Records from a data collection
=== Section Start ===

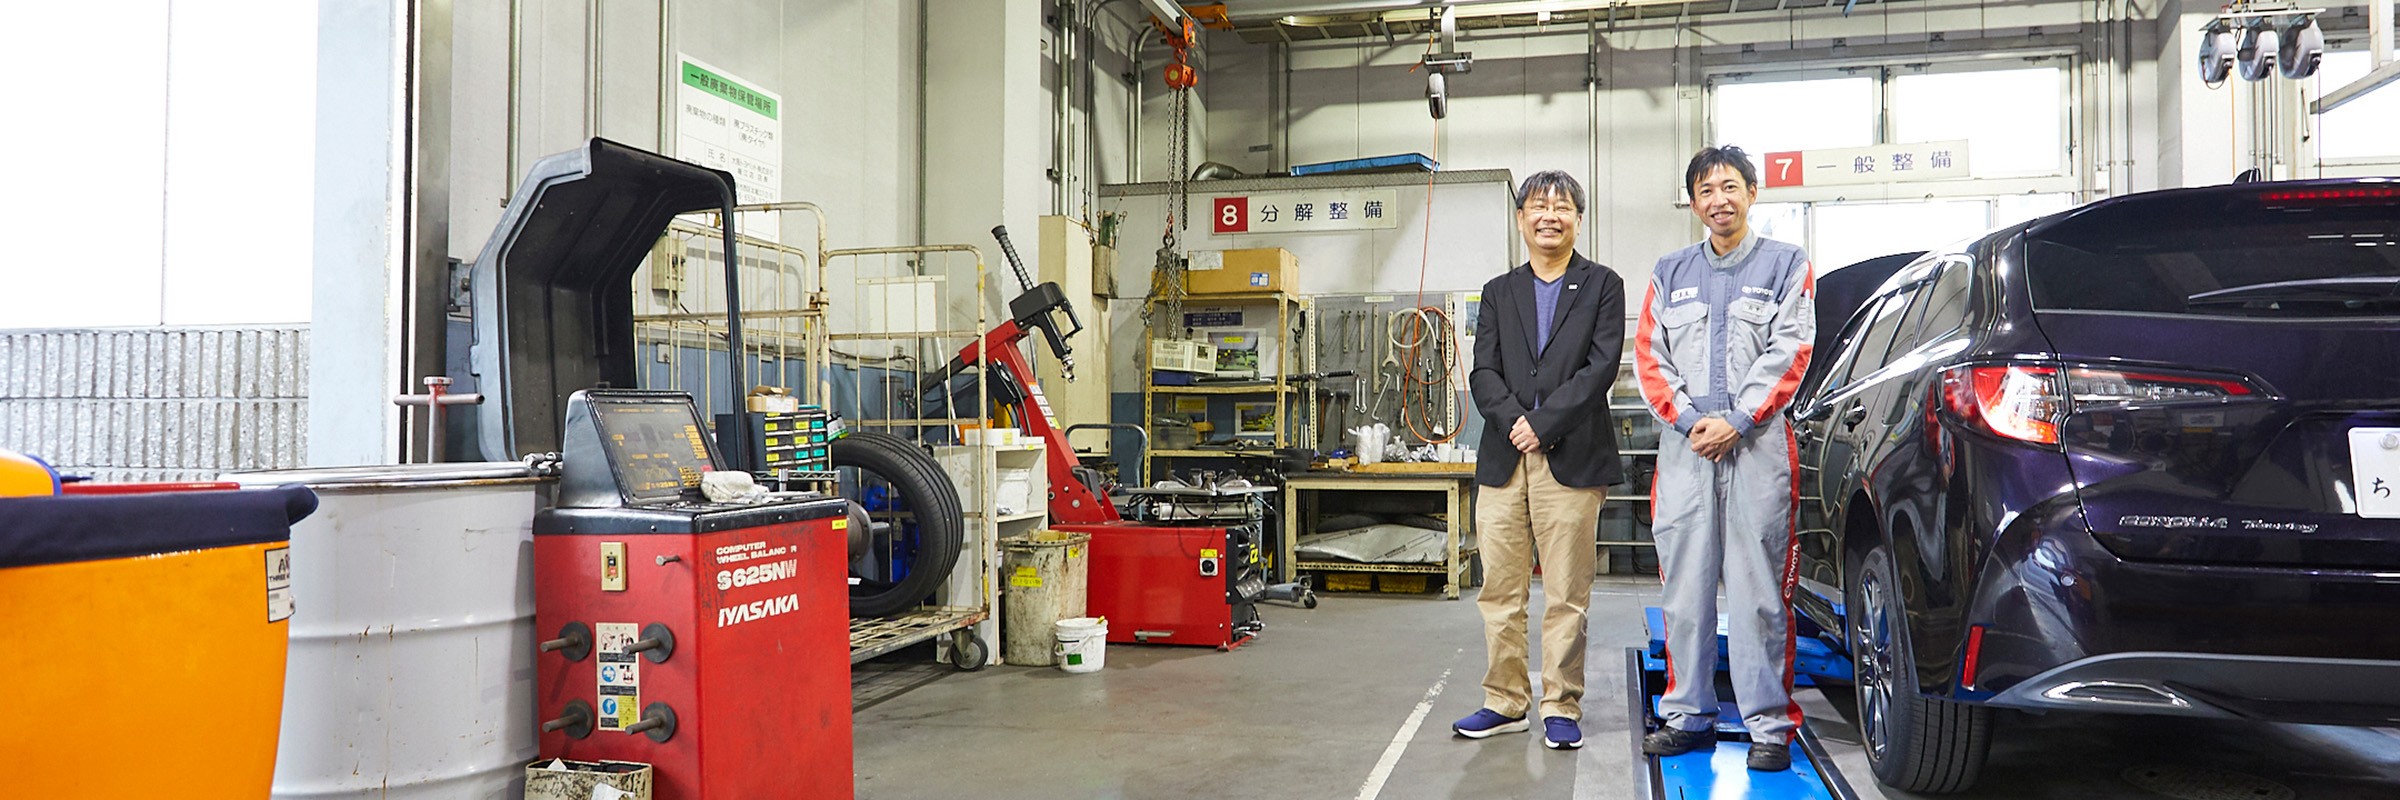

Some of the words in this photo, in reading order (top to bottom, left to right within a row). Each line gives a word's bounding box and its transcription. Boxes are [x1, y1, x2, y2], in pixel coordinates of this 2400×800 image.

[690, 73, 771, 114] 一般廃棄物保管場所
[1775, 158, 1793, 181] 7
[1816, 150, 1952, 174] 一般整備
[1221, 204, 1238, 226] 8
[1260, 200, 1383, 223] 分解整備
[2372, 477, 2390, 498] ち
[716, 541, 766, 555] COMPUTER
[716, 552, 750, 564] WHEEL
[751, 545, 797, 559] BALANCR
[717, 559, 797, 591] S625NW
[1787, 544, 1799, 584] TOYOTA
[718, 593, 799, 628] IYASAKA
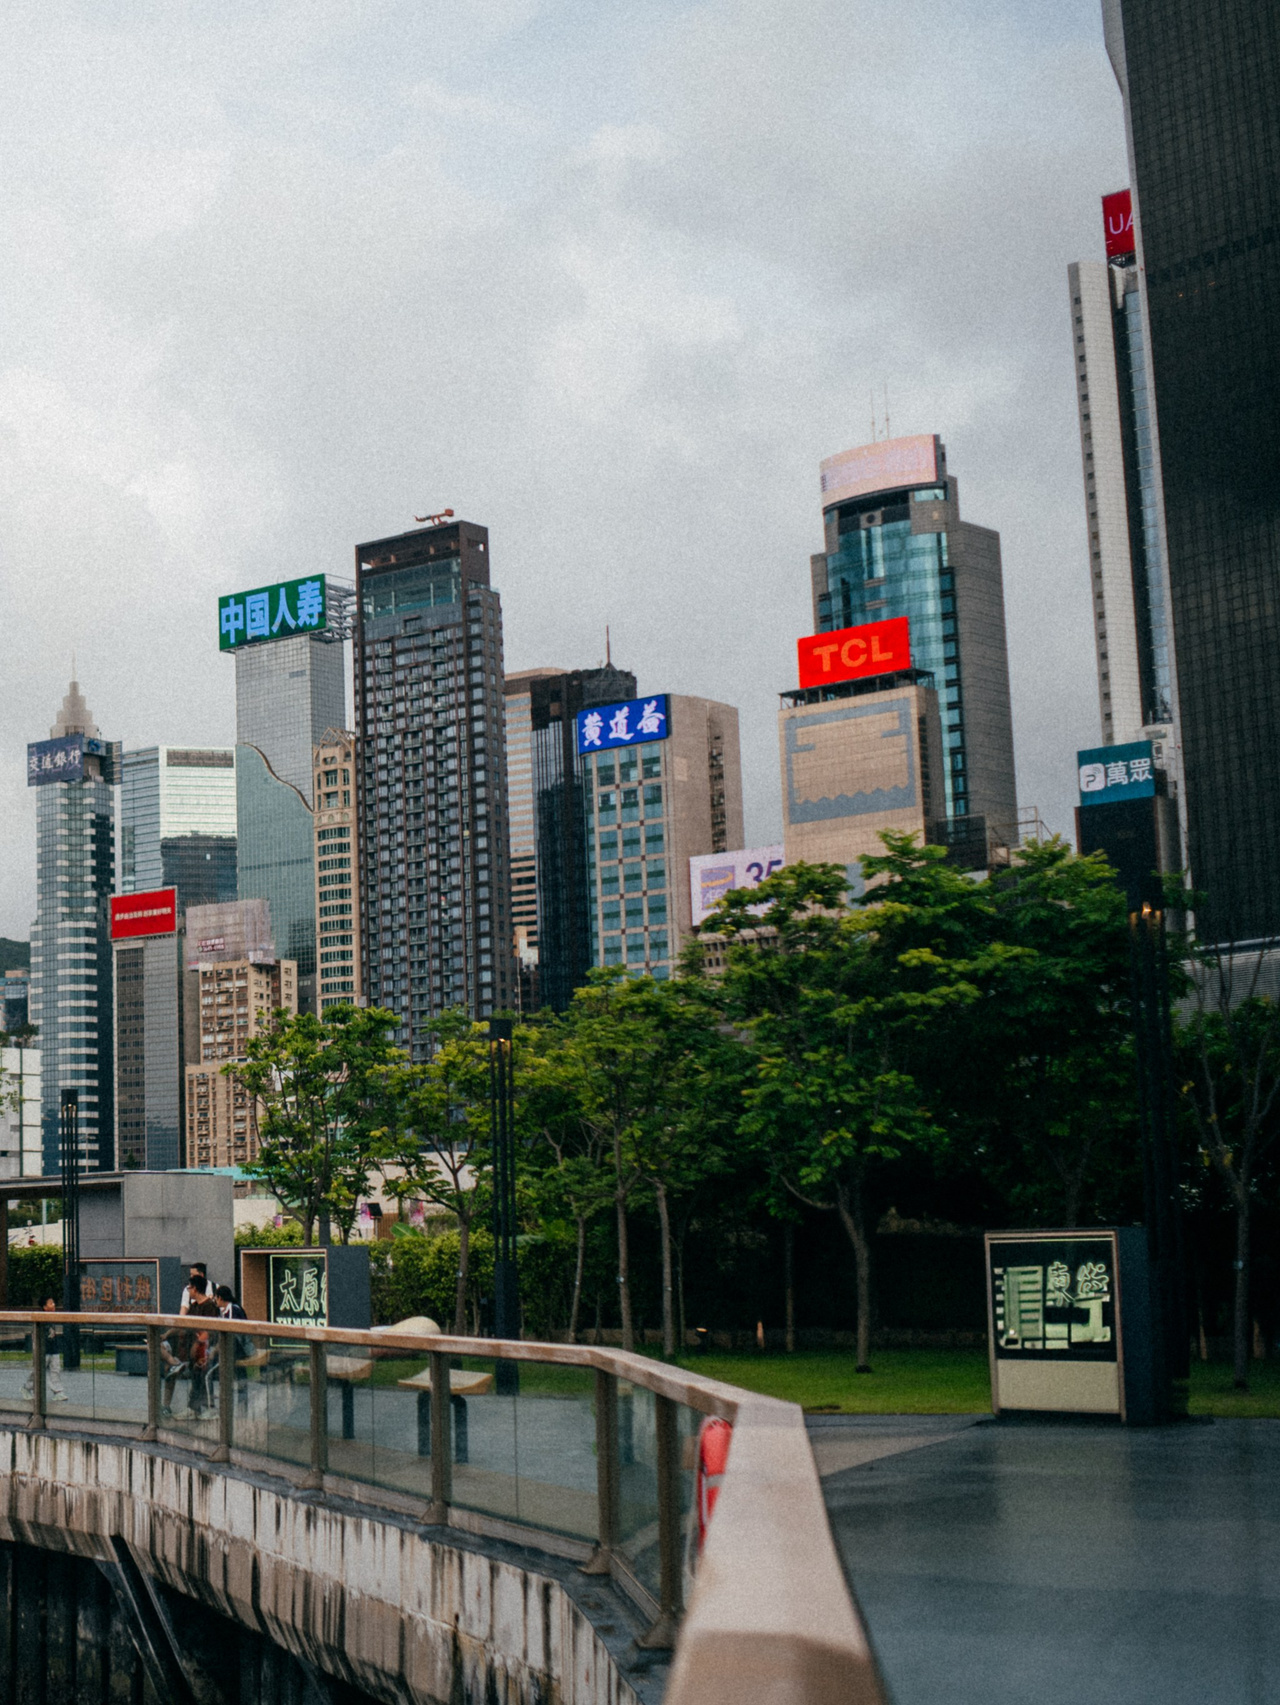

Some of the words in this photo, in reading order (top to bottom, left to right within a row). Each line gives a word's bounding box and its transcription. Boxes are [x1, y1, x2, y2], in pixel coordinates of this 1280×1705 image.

[221, 580, 322, 643] 中国人寿
[813, 636, 893, 672] TCL

=== Section End ===

- Problem statement:
Your task is a word-for-word transcription of the entries, leaving out all pictures.

- Solved problem:
Some of the words in this photo, in reading order (top to bottom, left to right within a row). Each line gives a word's bounding box and its transcription. Boxes are [x1, y1, x2, y2], in pixel coordinates of this 2400×800 image.

[690, 73, 771, 114] 一般廃棄物保管場所
[1775, 158, 1793, 181] 7
[1816, 150, 1952, 174] 一般整備
[1221, 204, 1238, 226] 8
[1260, 200, 1383, 223] 分解整備
[2372, 477, 2390, 498] ち
[716, 541, 766, 555] COMPUTER
[716, 552, 750, 564] WHEEL
[751, 545, 797, 559] BALANCR
[717, 559, 797, 591] S625NW
[1787, 544, 1799, 584] TOYOTA
[718, 593, 799, 628] IYASAKA

Some of the words in this photo, in reading order (top to bottom, left to right within a row). Each line gives a word's bounding box and its transcription. Boxes are [x1, y1, x2, y2], in pixel coordinates of this 1280×1705 image.

[221, 580, 322, 643] 中国人寿
[813, 636, 893, 672] TCL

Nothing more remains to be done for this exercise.